**ACTIVITY**
Copy the data precisely, character for character, and leave out every picture.

STORED DATA START

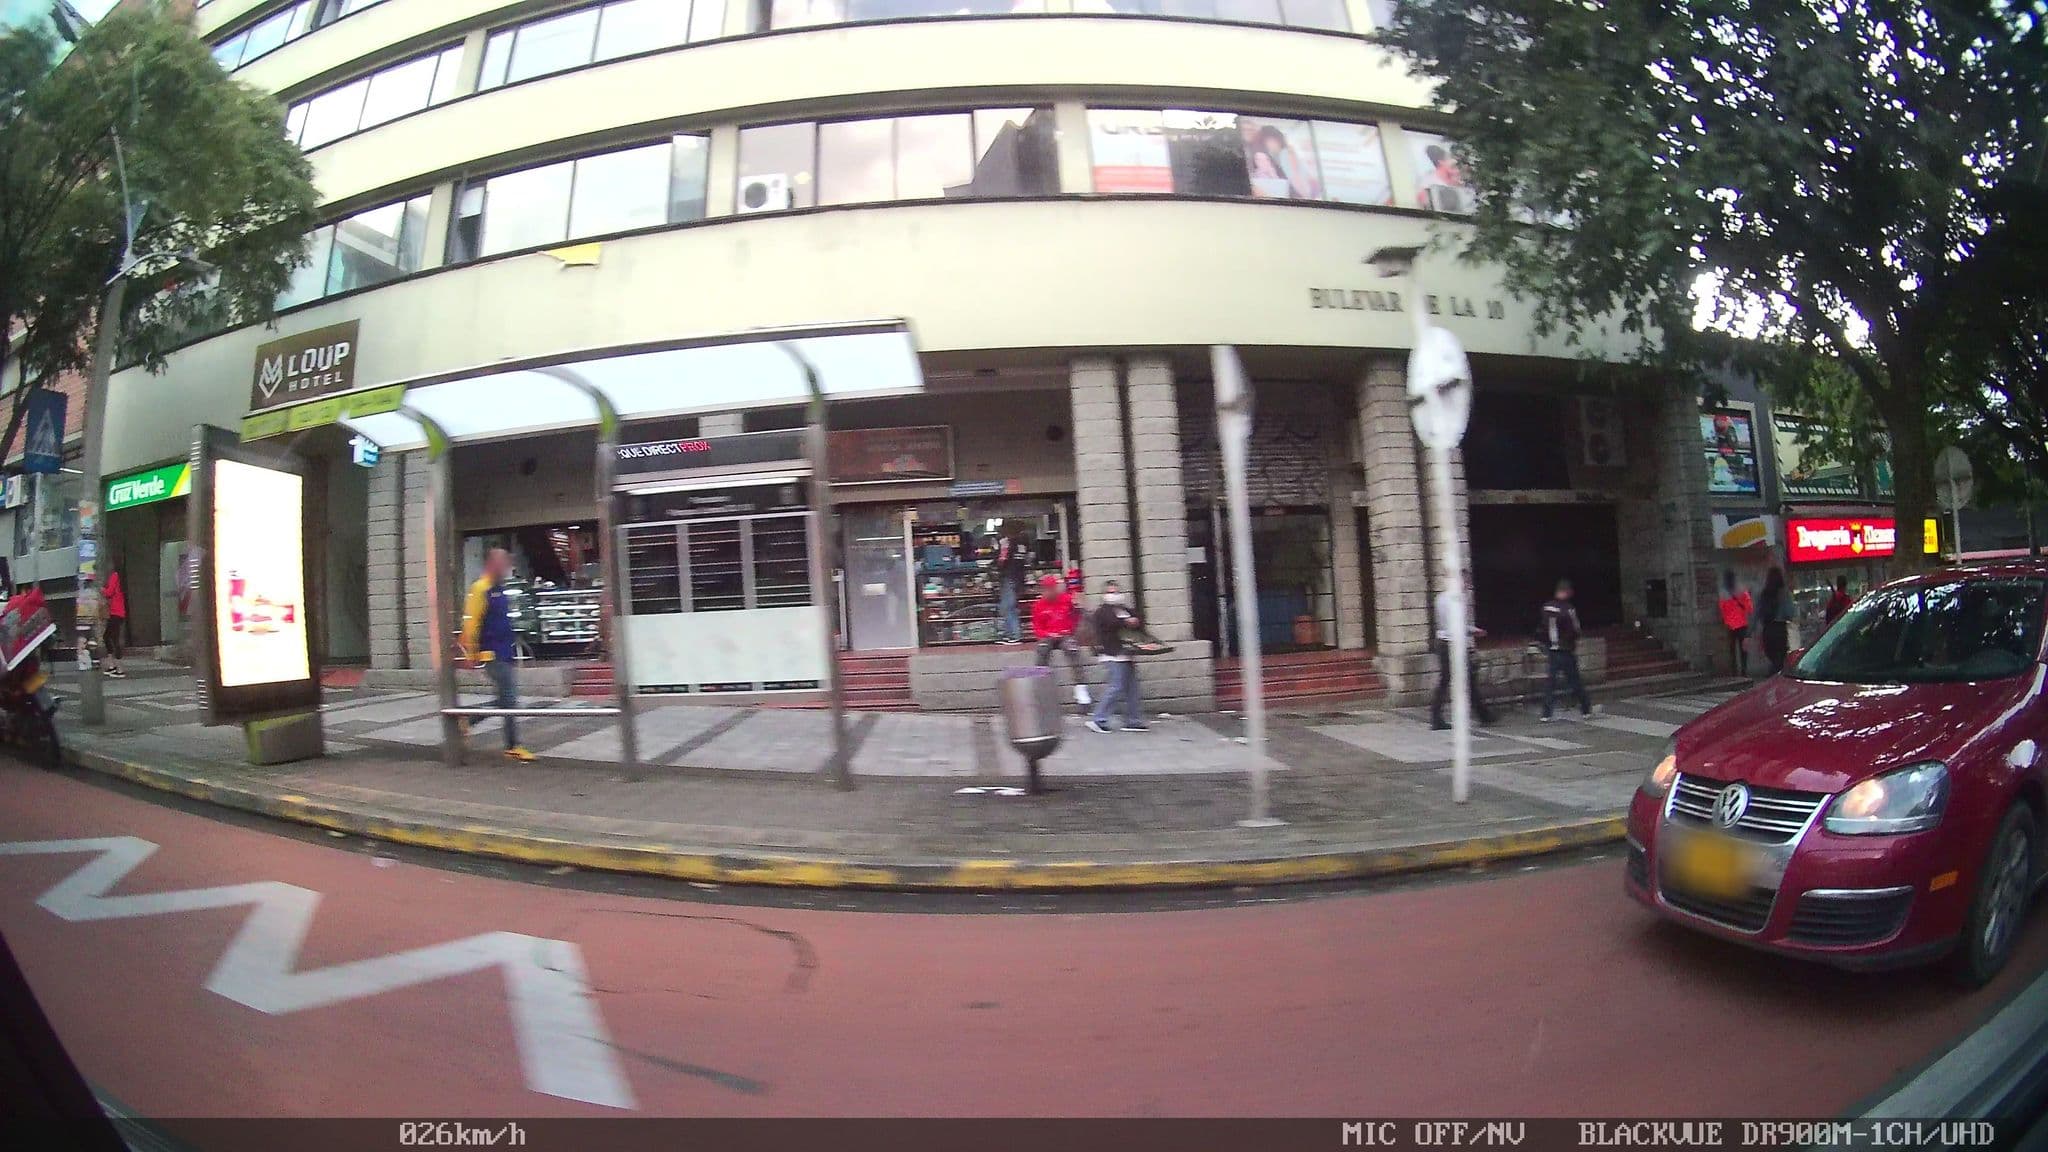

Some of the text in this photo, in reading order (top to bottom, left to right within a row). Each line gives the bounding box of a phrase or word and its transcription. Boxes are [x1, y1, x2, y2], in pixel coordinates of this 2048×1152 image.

[1309, 287, 1404, 313] BULEVAR
[1449, 296, 1477, 318] LA
[287, 342, 350, 377] LOUP
[288, 371, 343, 392] HOTEL
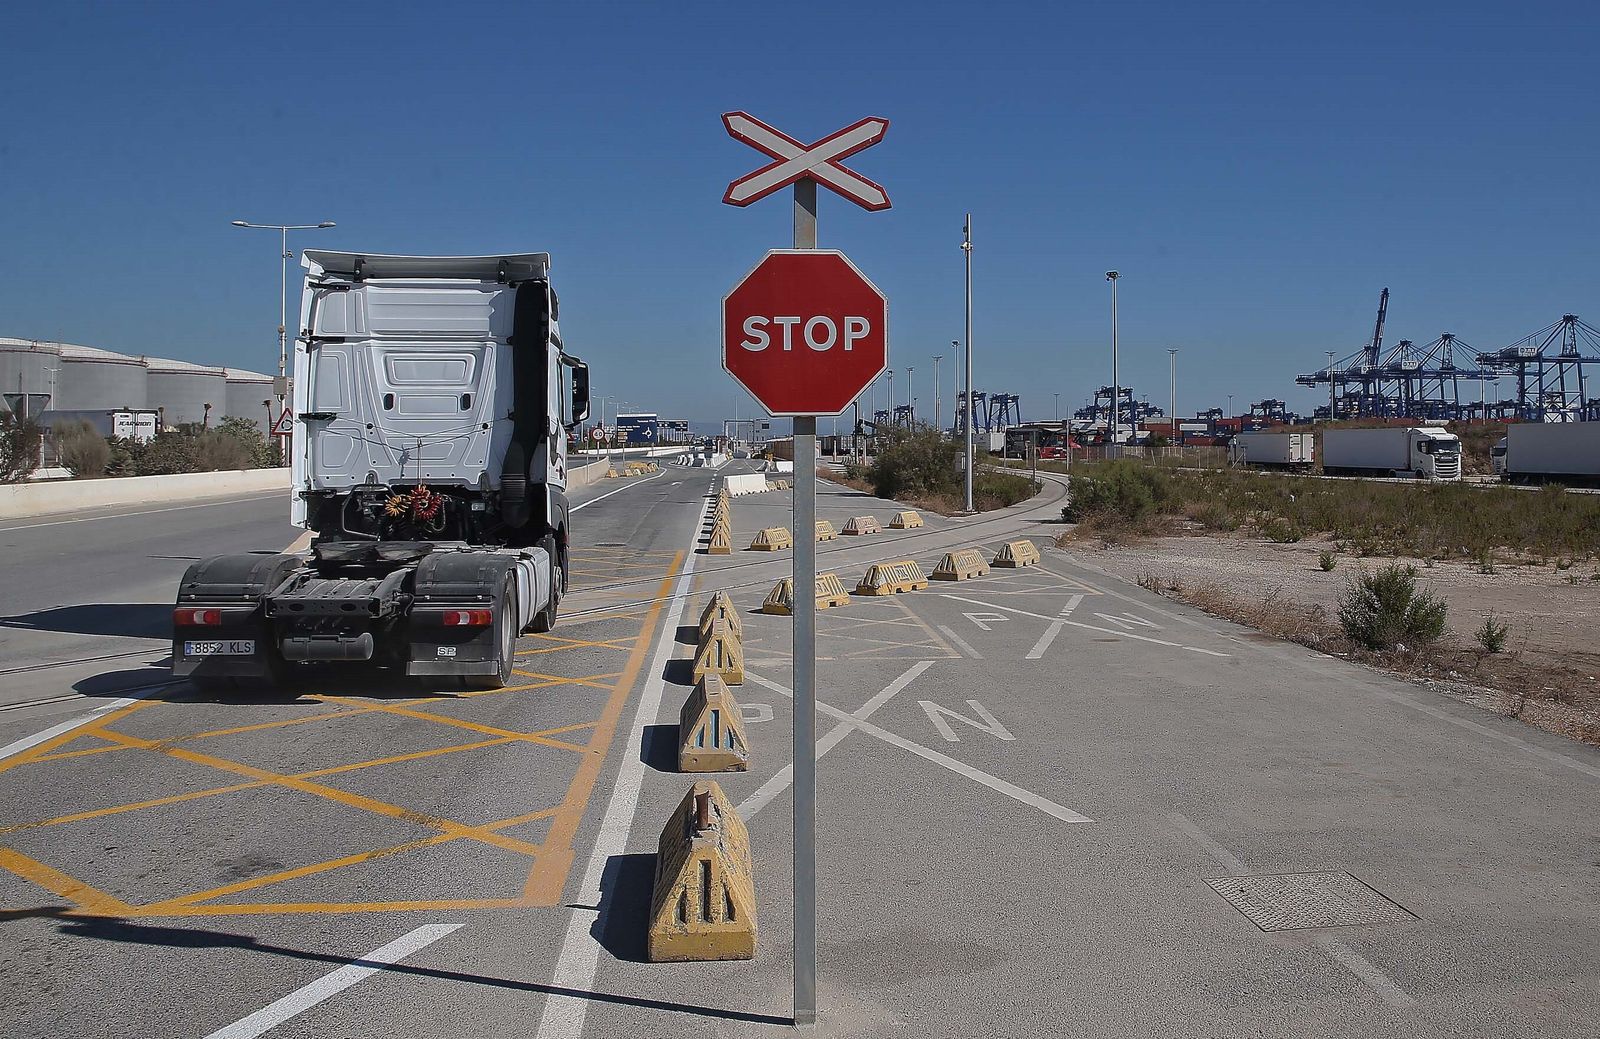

STORED DATA END

**TASK RESPONSE**
Some of the text in this photo, in reading order (top to bottom, left to right within a row). Each line gives the bounding box of a phrase or word and its transcription. Boxes are [x1, y1, x2, y2], in pixel coordinates of this 2048×1152 image.

[1309, 287, 1404, 313] BULEVAR
[1449, 296, 1477, 318] LA
[287, 342, 350, 377] LOUP
[288, 371, 343, 392] HOTEL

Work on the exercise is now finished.